Producer of the St. George Beer – BGI Ethiopia PLC –
for example, made a 90 Birr increase on the barrel,
and 30 Br increase per cask of draught beer, and on
a crate holding 24 bottled beers.
Harar Berewery Share
Company, located 526Km east of Addis Abeba, and
which dominates the Eastern Ethiopia market, on its
part added 95 Br and 30 Br respectively to its
original prices.
The price adjustment has brought about an increase
of 0.75 to 1.00 Br per jar of draught in Addis Abeba
and one to two Br in Burayu town of Oromia Regional
State, located in the western end of Addis.
“I have been drinking draught beer for the past 10
years and have seen lots of price increases in the
years. But I have never seen such a dramatic
increase,” says Neway Takele, one of Aniley’s
friends.
The last price increase on both beer types was in
January, 2007. Meta Abo Brewery – one of the three
state owned factories along with Harar and Bedele
breweries – located in southwestern outskirts of
Addis Abeba and established a little over 40 years
ago; as well as BGI, which produces well known brand
beers like St. George, Castel and Bati, had
increased the price of their 30 liters draught beer
barrel from 121 to 135Br. BGI’s St. George Brewery
was established in 1922. Similarly Bedele Brewery,
established in November 1993 and situated
approximately 483Km southwest of Addis Abeba in
Oromia Regional State, had increased the price on a
crate holding 24 of its three beer types, from five
to seven Birr as of January 23, 2007.
Harar Brewery also had made a 6.25 Br addition per
crate in the same time period.
The early price increase brought 0.50 Br difference
per jar of draught beer on consumers from the price
before the January 2007 change – 1.50 Br.
“The price increase has negatively affected our
business” said Dereje Gashaw, general Manager of
Bagdils and Hebrework Recreation center.
“We used to sell up to 10 barrels a day, but now
our sales have shrunk down to at least three.
Before the latest price increase there were groups
of people, like Aniley and his friends, whose
members used to drink 20 jars each. Their limits
have gone down to almost half, according to him.
The annual beer supply in Ethiopia is 3.5 million
hectoliters of which BGI produces the largest
amount. It brews 1.4 million hectoliters annually
while Harar’s share is 300 thousand hectoliters.
Despite the growing demand for beer in Ethiopia,
shortages of raw materials like malt and hops is a
major problem, experts in the sector believe. The
only beer malt producer in the country is Assela
Malt Factory (AMF) and it supplies only a portion of
what the brewers need.
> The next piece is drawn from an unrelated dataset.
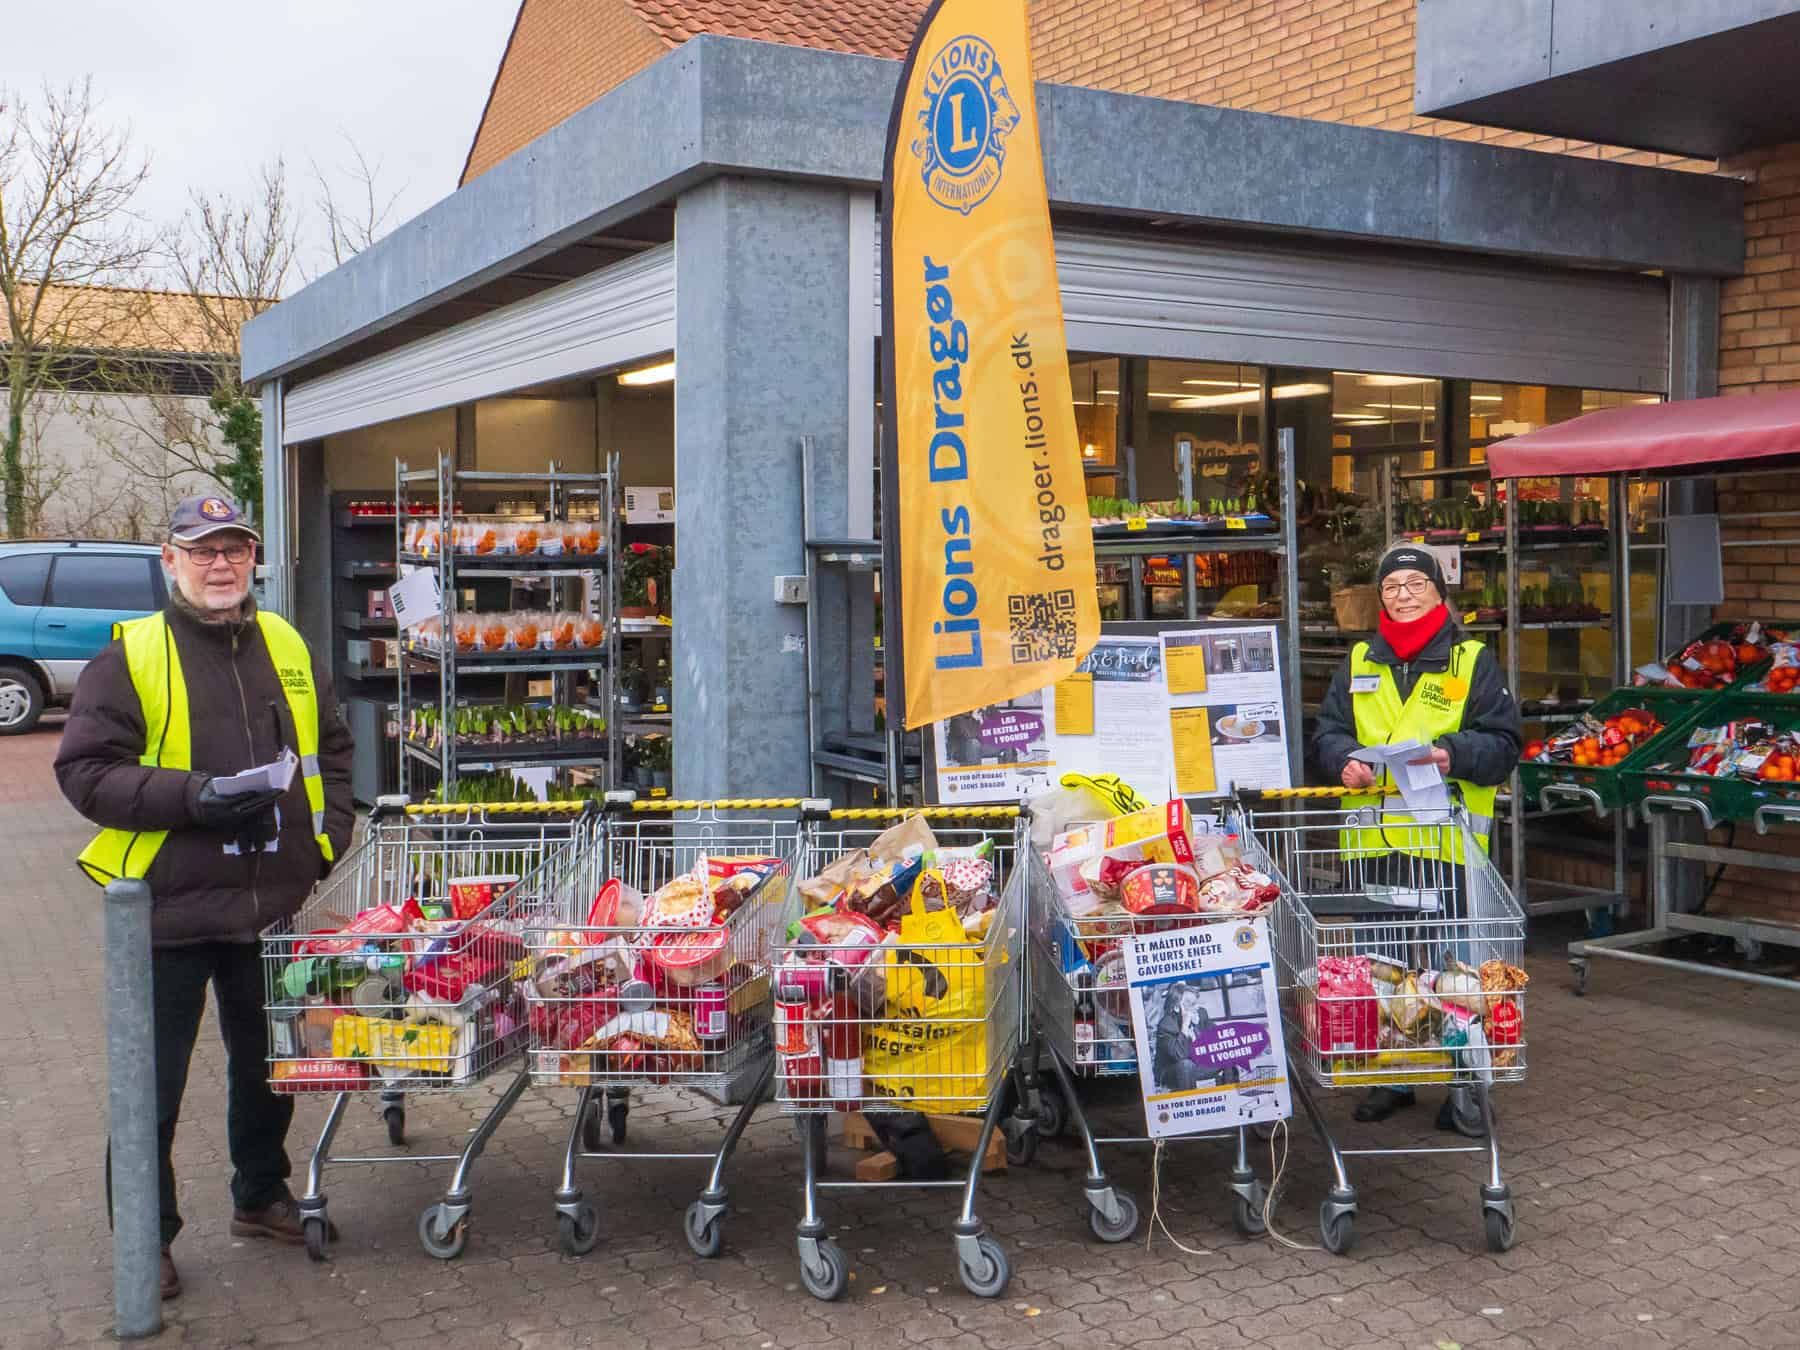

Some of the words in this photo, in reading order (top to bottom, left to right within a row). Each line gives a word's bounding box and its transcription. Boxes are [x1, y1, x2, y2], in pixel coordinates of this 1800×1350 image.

Established in 1984 with a
capital of 9.2 million Br it is the sole producer of
the raw materials used in the making of beer in
Ethiopia. The factory, which is located 167Km south
east of Addis Abeba, has failed to satisfy the
breweries demand. The reason for the shortages began
when farmers in the area, which supplied bakery
industry, decided to look elsewhere for business as
they claimed that AMF was not paying them on time.
The total annual
production capacity of AMF is 150 thousand quintals
while the total demand of the breweries reached in
2007/2008, 500 thousand quintals. AMF produced below
its capacity in 2006/2007 budget year, because of
the shortage of barley supplies. In the current
fiscal year it has managed to produce 167 thousand
quintals as it has resolved its prices dispute with
farmers, Kiros Abraha, general Manager told
Fortune.
Three years ago, the price of beer barley was 250 Br
per quintal and it had doubled last year. Though AMF
entered the just ended fiscal year with anticipated
price of about 630 Br a quintal, the current price
in the area is between 700 and 750 Br. “We are out
of the market. We couldn’t predict the market,”
Kiros said.
Cereals account for almost 80 pc of all temporary
crops grown in Ethiopia. Of the cereals, teff
constitutes a little more than a quarter of total
cultivated area (26 pc) followed by maize (24 pc),
sorghum (17 pc), wheat (15 pc) and barley (13 pc).
The distribution of these cereals is strongly
influenced by elevation according to Ethiopian
Agricultural Sample Enumeration 2001/2002 by the
Central Statistical Agency (CSA). Teff grows
throughout the highlands while wheat and barley grow
in higher and cooler environments, according to CSA.
The particular barley variety that is used for beer
malt grows widely in Arsi and Bale zones of Oromia
Regional State. In the past five years the demand
for this commodity has increased because, of its use
for Tella – a traditional fermented drink –
Kolo (roasted barley) and Besso – a
food type prepared from barley flour, has been used
for bread as well, according to an Agronomist at the
Ministry of Agriculture and Rural Development (MoARD).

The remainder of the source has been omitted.